結花vs後輩ちゃん
「じゃあ、お昼ご飯できたので食べましょうか」
ちょうどいいタイミングで結花が台所からお皿を持って歩いてくる。茹でダコみたいになってた姫宮と一緒にいるのは間が悪いと思ってたんだよね。
「あ、一ノ瀬先輩、敬語じゃなくていいですよー?」
「う、うん。ま、仕事中だったから」
「あれー? もう1人も仕事だったような?」
結花の返事を聞いて、姫宮は俺の方をチラチラ見て煽ってくる。
「ちょっと静かにして頂けますか?」
「あはは」じゃねえよ。あと結花も一緒になって笑ってるじゃん。バチバチしてないんならいいんだけどね。

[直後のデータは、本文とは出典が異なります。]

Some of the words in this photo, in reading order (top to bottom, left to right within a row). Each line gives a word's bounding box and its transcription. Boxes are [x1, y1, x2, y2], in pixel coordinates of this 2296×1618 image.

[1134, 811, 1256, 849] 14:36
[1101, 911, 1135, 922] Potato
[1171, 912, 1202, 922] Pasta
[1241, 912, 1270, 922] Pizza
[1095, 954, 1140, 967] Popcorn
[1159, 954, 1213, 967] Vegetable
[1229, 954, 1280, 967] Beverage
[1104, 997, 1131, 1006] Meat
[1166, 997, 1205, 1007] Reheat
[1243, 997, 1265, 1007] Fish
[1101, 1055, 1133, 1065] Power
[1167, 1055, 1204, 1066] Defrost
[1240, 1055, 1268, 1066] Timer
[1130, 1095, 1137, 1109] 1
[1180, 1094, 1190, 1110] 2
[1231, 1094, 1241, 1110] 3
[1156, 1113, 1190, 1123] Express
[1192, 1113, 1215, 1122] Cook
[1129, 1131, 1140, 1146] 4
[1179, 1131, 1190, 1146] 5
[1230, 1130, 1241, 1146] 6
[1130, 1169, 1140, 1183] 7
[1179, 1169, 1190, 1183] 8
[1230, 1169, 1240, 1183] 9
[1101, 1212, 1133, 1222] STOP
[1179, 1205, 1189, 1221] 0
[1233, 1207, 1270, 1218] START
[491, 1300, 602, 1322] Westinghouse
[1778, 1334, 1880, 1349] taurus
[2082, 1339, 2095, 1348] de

今日のメニューはグラタン。俺が掃除してる間に予熱とかしてたみたいだ。
俺、予熱とか知ってるじゃん、レベルアップしてる。
「「「いただきます!」」」
「一ノ瀬先輩の料理、毎日食べたいくらい美味しいです!」
姫宮も魅力が分かったか、仲間だな。
俺の方が先に知ってたけどね!
「ありがとう」
結花はクールにお礼を言う。
「あ、一条先輩は普段料理するんですか?」
「いやー、あんまり上手じゃないから」
前よりからは上手くなったけどね。結花のおかげ。
「なら私が作っ……」
「ゆうくんは私の料理が一番だよね?」
姫宮の言葉に被せるように言った結花が、まっすぐ俺を見て尋ねる。心配しなくても一番だから! そんなに圧かけなくても!
「もちろん」
「むー……」
俺が返すと結花はにこっと笑う。可愛いから圧かけられてもいいや。
姫宮は頬をぷくーっと膨らませている。
残念だったな、姫宮。結花と張り合おうとするその不屈の根性は尊敬するまであるけどな。
デザートのプリンを食べながら、またなにか策を思い付いたのか、姫宮は不敵な笑みを見せる。

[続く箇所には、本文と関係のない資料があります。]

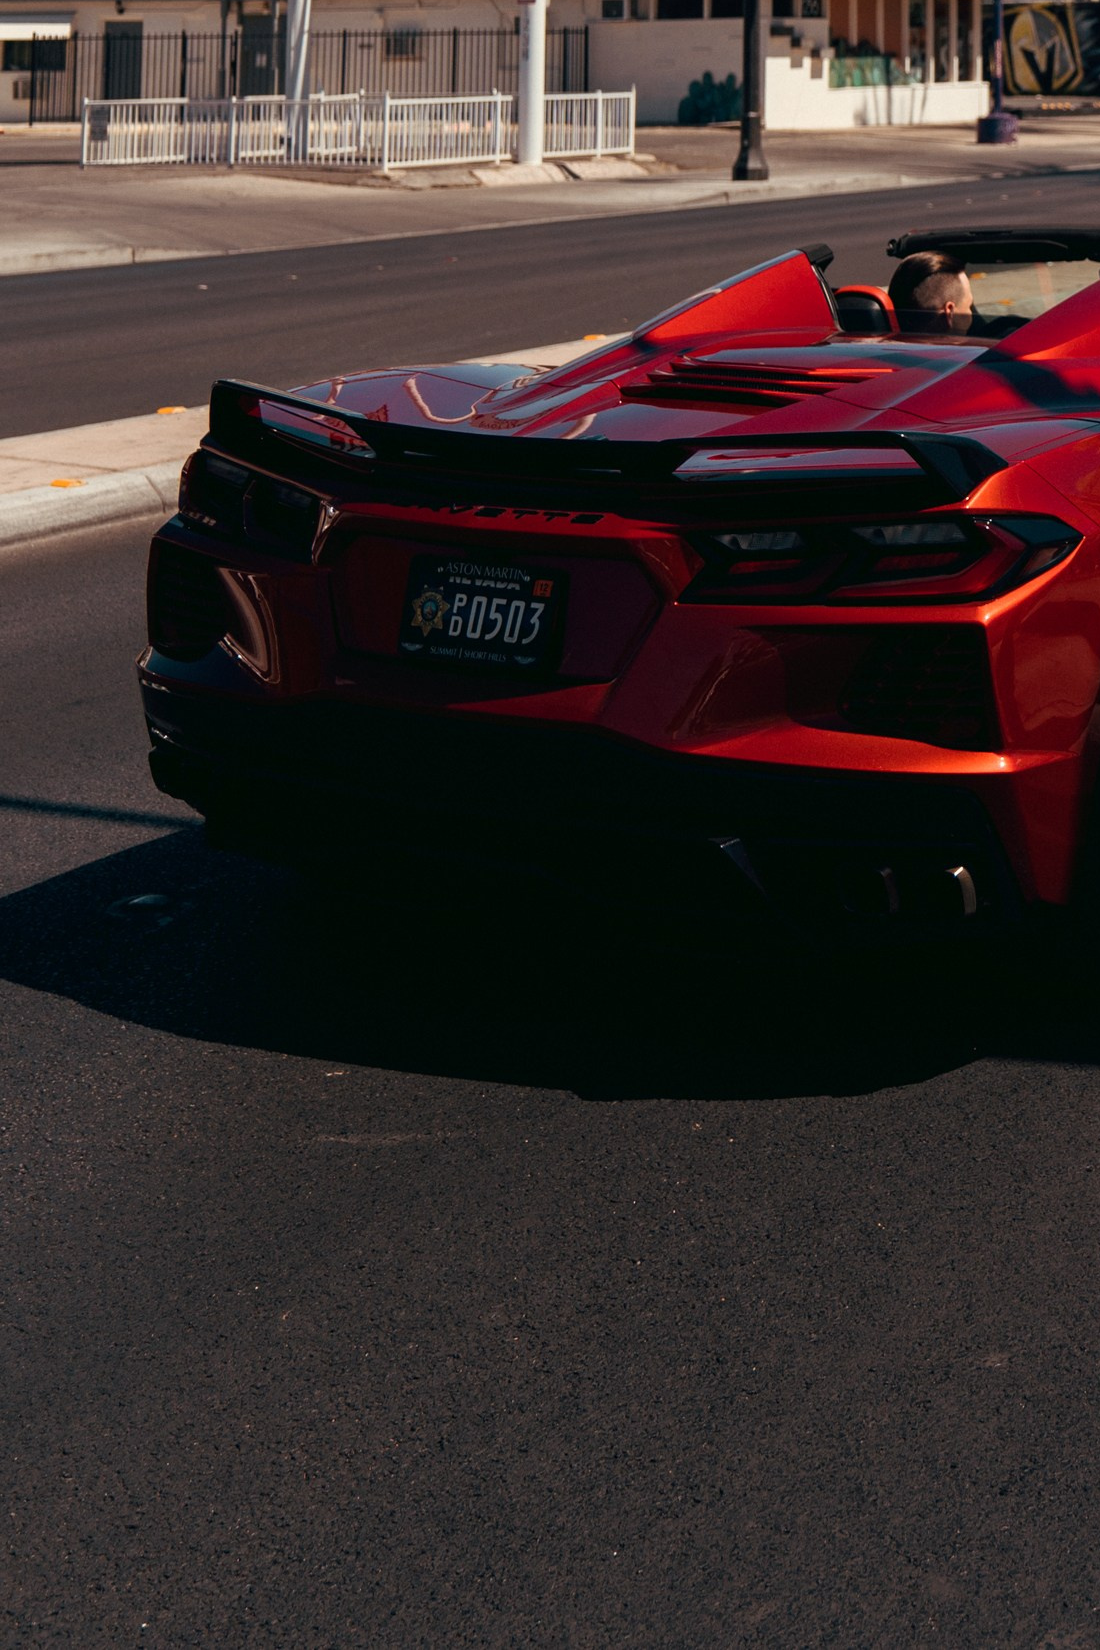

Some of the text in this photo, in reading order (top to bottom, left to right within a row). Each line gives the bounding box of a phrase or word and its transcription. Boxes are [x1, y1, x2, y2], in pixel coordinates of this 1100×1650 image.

[446, 562, 527, 581] ASTON MARTIN
[430, 645, 507, 663] SUMMIT SHORT HILLS

「一ノ瀬先輩は、一条先輩のどんなところが好きなんですかー?」
「「!?」」
あの……俺、スプーン落としたんだけど。どうしてくれんの。
「私はいっぱい思い付きますよー?」
「へえ……勝負する?」
またバチバチしちゃってるよ!
そりゃカップルとその彼氏を狙ってる後輩が集まったらバチバチもするよね。
……めっちゃ他人事だな。
「私から言うね?」
「どうぞ?」
姫宮はなぜか余裕そうに言う。この後輩、まじで恐ろしいよ……。
「一緒にいて楽しい」
「最初から惚気ですか……。誰にでも優しいところです!」
「人の気持ちに寄り添えるとこ」
「やるときはやるところです」
「努力家なとこ」
「気配りできるところです」
「一途なところ」
「恥ずかしいんで、そこらへんで止めていただいて良いでしょうか……?」
ヒートアップしてる2人に恐る恐る言う。
「ゆうくんが言うなら仕方ない」
「そうですね、ここまでにしておきますか」
「私はまだまだ思いつくけどね?」
「私も思い付きますよ?」
まだ結花と姫宮は火花を散らし合っている。
ほんとむず痒いんだが。「穴があったら入りたい」って言葉初めて使えるかも。
「次は一条先輩1人で私の家来てもらってもいいですよ?」
「いや、遠慮しとくよ、なにされるか分からないし」
「言い方が悪いですね……」
ジト目を向けられる。いや、間違ってないじゃん!
「いつでも来てもらっていいですからね?」
上目遣いで言っても、俺には効かないってば、そのあざとムーブ。
「一ノ瀬先輩も、ありがとうございました」
「うん、こちらこそ!……楽しかったよ」
なんか意味が込められてそうで怖い。
「私もです!」
とりあえず今日は、結花を本気モードにさせたらいけないと学びました。でも普段の表情と違って新鮮でした。可愛かったです、まる。
小学生の社会科見学みたいになってる。
「結花と一緒に仕事できて楽しかったー」
「私もゆうくんとできて良かった!またやろうね」
「うん!」
次は知り合いのところを引きませんように。